A striking instance of the energy that radiated from Christ, finally, is associated with his baptism in the Jordan River. Jesus’ mere physical contact with the Jordan was enough to cleanse it and, along with it, all the waters of the earth, so as to make them suitable in turn for cleaning those who would be baptized. We find this idea as early as the beginning of the second century in Ignatius of Antioch and frequently thereafter.

(Boniface Ramsey, Beginning to Read the Fathers, pp. 83-84)

Blessing Water

At Theophany we Orthodox bless water, a practice for Christians that can be traced to the early church.   We also bless water before every baptism reciting many of the same prayers and ideas at both services.  The Apostolic Constitutions, a Christian document from the 4th Century, mentions the blessing of water before a baptism:

“… let the priest even now call upon in baptism, and let him say:

Look down from heaven, and sanctify this water, and give it grace and power, that so he that is to be baptized, according to the command of Your Christ, may be crucified with Him, and may die with Him, and may be buried with Him, and may rise with Him to the adoption which is in Him, that he may be dead to sin and live to righteousness.

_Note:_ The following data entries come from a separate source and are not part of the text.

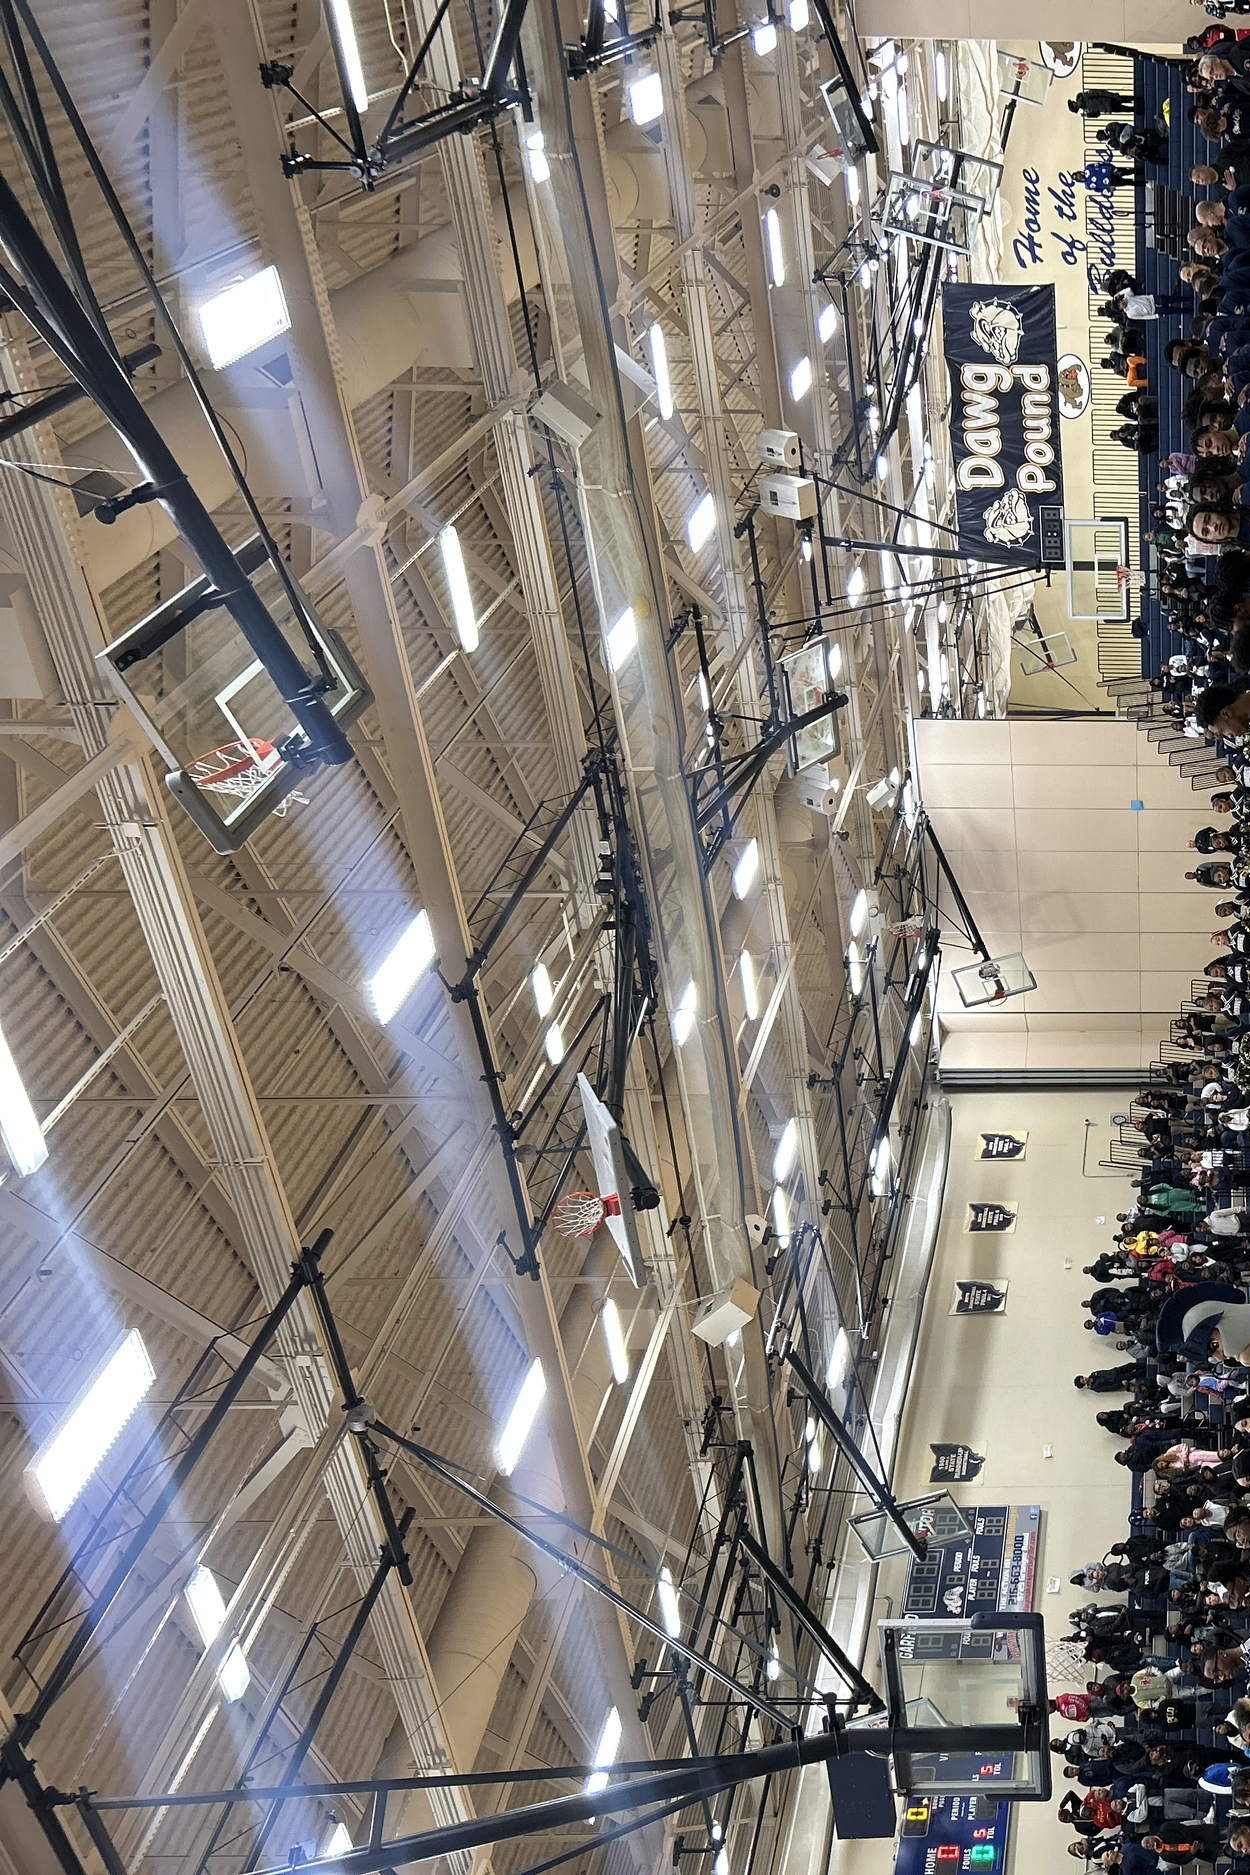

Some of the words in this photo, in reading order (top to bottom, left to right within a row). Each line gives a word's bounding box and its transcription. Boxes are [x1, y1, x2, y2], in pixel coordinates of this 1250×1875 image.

[1048, 170, 1077, 222] the
[1013, 167, 1043, 268] Home
[1050, 232, 1086, 265] of
[956, 363, 1014, 491] Dawg
[1010, 364, 1056, 493] Pound
[948, 1454, 956, 1472] STATE
[976, 1517, 985, 1535] FOULS
[953, 1551, 963, 1572] PERIOD
[971, 1555, 980, 1572] FOULS
[1008, 1535, 1024, 1605] 216-663-8000
[968, 1578, 977, 1600] PLAYER
[951, 1797, 960, 1820] PERIOD
[968, 1797, 977, 1820] PLAYER
[987, 1827, 995, 1839] TOL
[924, 1848, 937, 1874] HOME
[937, 1845, 960, 1859] 0
[962, 1848, 971, 1869] FOULS

And after this, when he has baptized him in the name of the Father, and of the Son, and of the Holy Ghost, he shall anoint him with ointment…”     (Kindle Loc. 3817-21)

In the prayer, baptism is clearly our dying with Christ – we are identifying ourselves with Christ, to be crucified with Him and die with Him and be buried with Him so that we can rise with Him to eternal life.  The prayer asks God to grant this sanctifying power to the baptismal waters, not just to the rite of baptism.  The incarnation is our salvation – we are saved in, with and by creation itself.  The spiritual life is not separating ourselves from the physical world but rather transfiguring the physical world to be the spiritual reality which God created.  Theophany is revealing God to us, but also revealing that creation itself is meant to be for our salvation.  Faith is not just a noetic exercise: it is the transformation of our bodies, the formation of our hearts and souls , not just the informing of our minds.

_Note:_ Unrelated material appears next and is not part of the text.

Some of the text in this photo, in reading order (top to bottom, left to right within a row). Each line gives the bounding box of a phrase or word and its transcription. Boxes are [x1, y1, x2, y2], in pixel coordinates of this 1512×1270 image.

Do you not know that all of us who have been baptized into Christ Jesus were baptized into his death? We were buried therefore with him by baptism into death, so that as Christ was raised from the dead by the glory of the Father, we too might walk in newness of life. For if we have been united with him in a death like his, we shall certainly be united with him in a resurrection like his. We know that our old self was crucified with him so that the sinful body might be destroyed, and we might no longer be enslaved to sin. For he who has died is freed from sin. But if we have died with Christ, we believe that we shall also live with him. For we know that Christ being raised from the dead will never die again; death no longer has dominion over him. The death he died he died to sin, once for all, but the life he lives he lives to God. So you also must consider yourselves dead to sin and alive to God in Christ Jesus.    (Romans 6:3-11)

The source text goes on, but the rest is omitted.